Filson Ballistic Nylon Duffel Backpack Hybrid ($245)
Many of you probably have a trusty old North Face or Patagonia duffel bag that you use for most trips. Those bags are great, but they’re often too big for a quick weekend adventure—the most common kind of outing for us nine-to-five folks. To fill in the gap, I’ve been using this 47-liter Filson duffel, which is big enough to hold three days’ worth of gear—including jackets—but not so big that my stuff swims around in it. It has backpack straps and a couple well-placed pockets that hold smaller items, and it’s made from 600-denier ballistic nylon with bridle leather accents, giving it that classic Filson build quality that will last forever. Another beautiful bag I’ve been testing is the Bleu de Chauffe Bologne BDC Camera Bag ($425), which I use when walking around the city. Handmade in France, the Bologne is built from an environmentally friendly vegetable-tanned and totally waterproof leather. It also comes with a high-quality leather strap and buckles. Inside, there’s padding and space for a mirrorless camera and two lenses, plus your digital cards and extra batteries. The leather is so robust that I’ll be passing this bag on to my kids.
Rhodes Footwear Blake Boot ($200)
Blundstone boots are a staple of the mountain-town wardrobe. I’m a fan of the brand, but I’ve branched out, and now my favorite is the Blake. A chunkier sole and an additional leather panel on the front make them a little more rugged and look more like the kind of work boot you’d see on a ranch. They were immediately comfortable out of the box, so I didn’t need to worry about breaking them in. I’ve worn them into the office, on short hikes, and for yard work. I also got my hands on a pair of 350 Cutters from White’s Boots ($620). White’s is famous for making the most durable leather boots on the market and has long catered to loggers, lineworkers, and wildland firefighters. The 350 comes with that same build quality: they’re handmade and include replaceable Vibram soles but aren’t quite as stiff as White’s work offerings. Some breaking in is necessary, but after a few wears they were as comfy as tennis shoes.

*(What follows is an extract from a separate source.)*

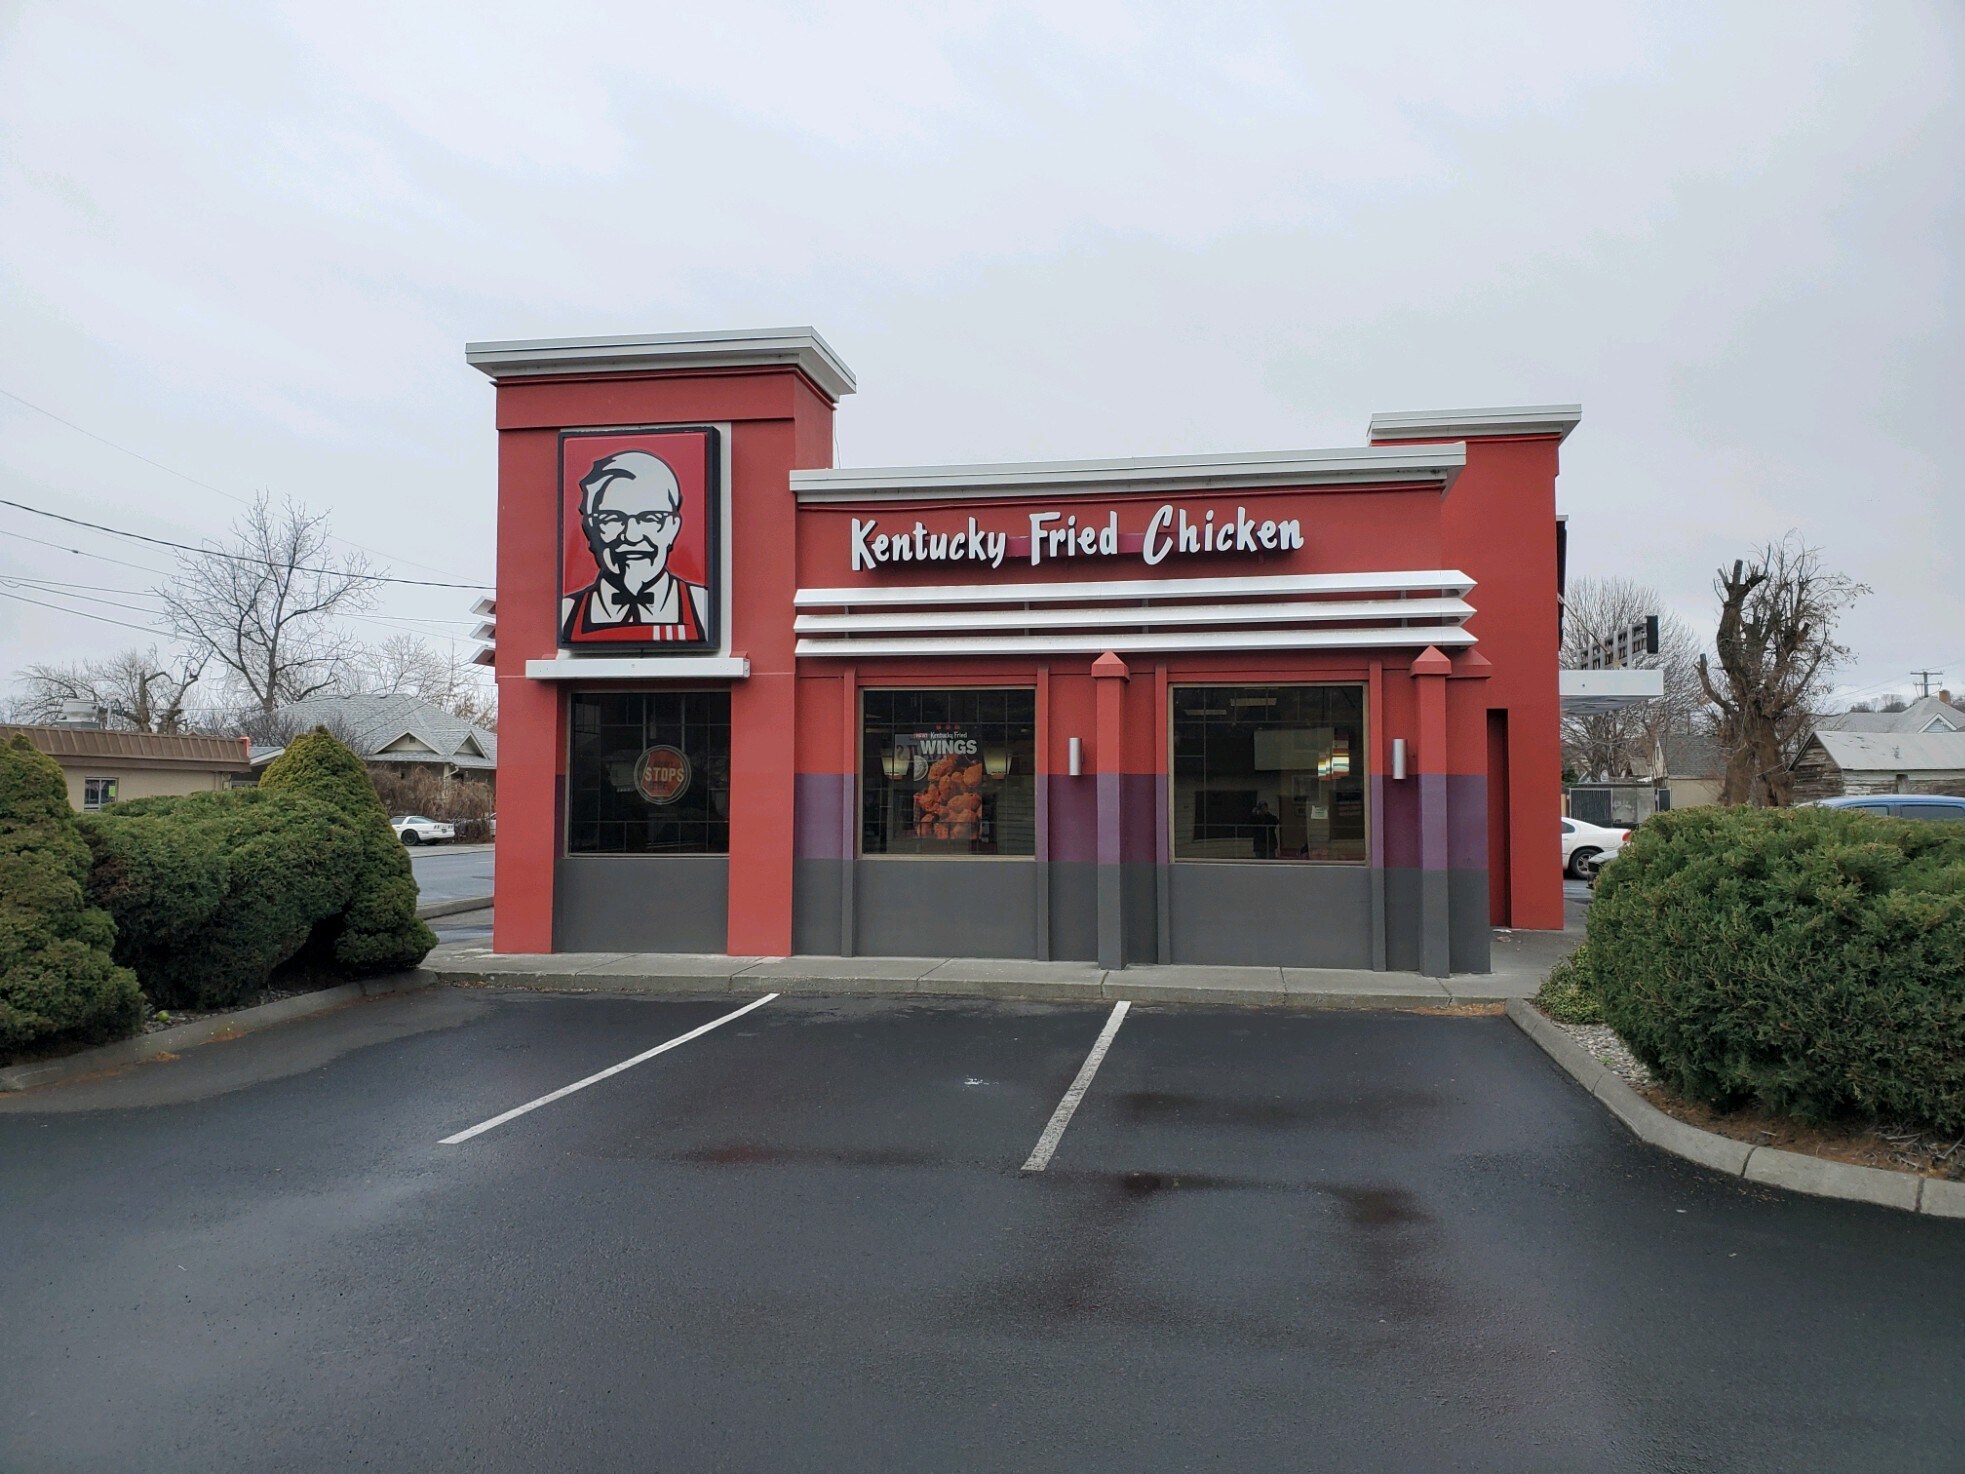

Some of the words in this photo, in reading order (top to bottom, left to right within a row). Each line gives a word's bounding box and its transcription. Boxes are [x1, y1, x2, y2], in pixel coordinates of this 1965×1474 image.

Stetson The Explorer Hat ($95)
It takes confidence to wear a Stetson, but I encourage you to try because they’re beautiful hats that add western style to any outfit. The Explorer is a good intro: it’s more affordable, and the wool felt build is totally crushable, so you can throw it in a bag and not worry about ruining the shape. The wool adds warmth on cooler days yet breathes well and wicks sweat when I’m out for a hike. Plus, the 2.5-inch brim has been great at keeping sun off my nose and neck. If you want to take your Stetson game up a notch, check out the Filson x Stetson Eagle Ranch Hat ($300). While it isn’t crushable, it has a more refined appearance and comes with several nice build qualities: the outside is high-quality rabbit fur, and the interior features a satin lining and a leather sweatband.